Motherhood is bullshit.
I have been betrayed by my sisters. I have been lied to, swindled!
I want my life back. I don't remember signing up for this. I don't remember saying: “Yes, please, take my freedom, my sanity and all sense of reason and replace it with a weepy, hormonal, flabby and exhausted person I don't even know.”
Oh they tell you it'll be hard, it won't all be wine and roses. Yeah, thanks, that's like saying giving birth is a little painful. It's more than hard, it's more than frustrating and it's the most un-fun I've ever experienced in my life.
All you assholes who told me it'd be worth all the hassle after “one smile”, are also full of shit. As charming as my baby's smile is, it certainly doesn't win me over at 3 a.m. - sorry.

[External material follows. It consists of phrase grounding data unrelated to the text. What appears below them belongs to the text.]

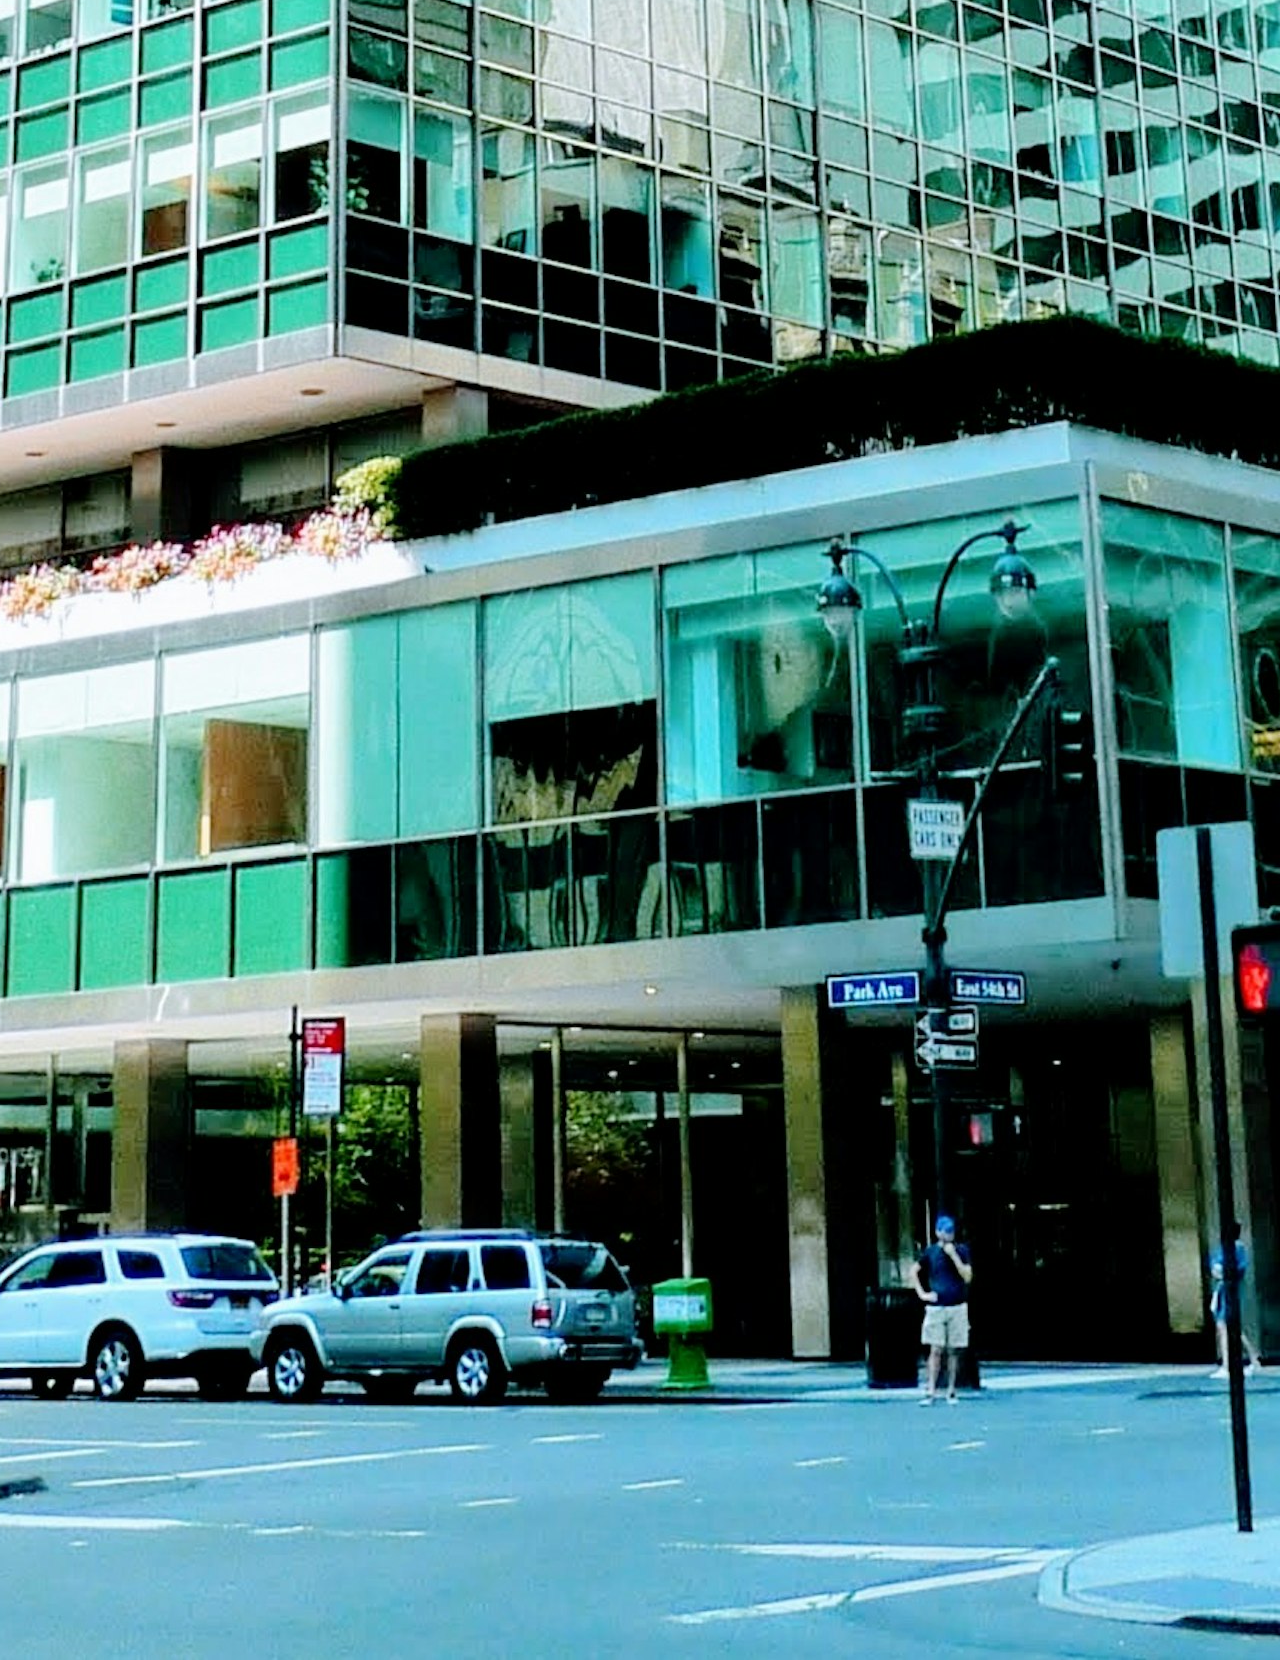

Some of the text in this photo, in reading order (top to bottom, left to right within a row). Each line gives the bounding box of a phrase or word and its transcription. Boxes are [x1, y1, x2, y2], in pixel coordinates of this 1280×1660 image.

[913, 808, 960, 826] PASSENGER
[915, 830, 936, 847] CARS
[843, 980, 903, 1001] Park Ave
[956, 978, 980, 996] East
[1006, 981, 1019, 998] St

The websites geared towards new moms, those too are bullshit. I hate the cutsie terms they use, like LO for Little One and DS for Dear Son and DD (they aren't for titties anymore) for Dear Daughter. For the life of me I couldn't find one single message board topic that complained about the real issues like exhaustion, feelings of helplessness, or regret. Gasp, heaven forbid if after the fifth time you get out of bed to comfort your completely-fine-baby you have feelings of regret over ever becoming a mom. How human of you!
1 comments:
This took me back to those first couple of months of new motherhood. I know I felt like that too, but I hardly remember it. I hardly remember anything from the first couple of months. I had so many medical problems after birth; with doctor appointments (both mommy & baby), a daily nurse visit (me), sleepless nights and everything else...I just don't remember. I don't even know when half the pictures were taken.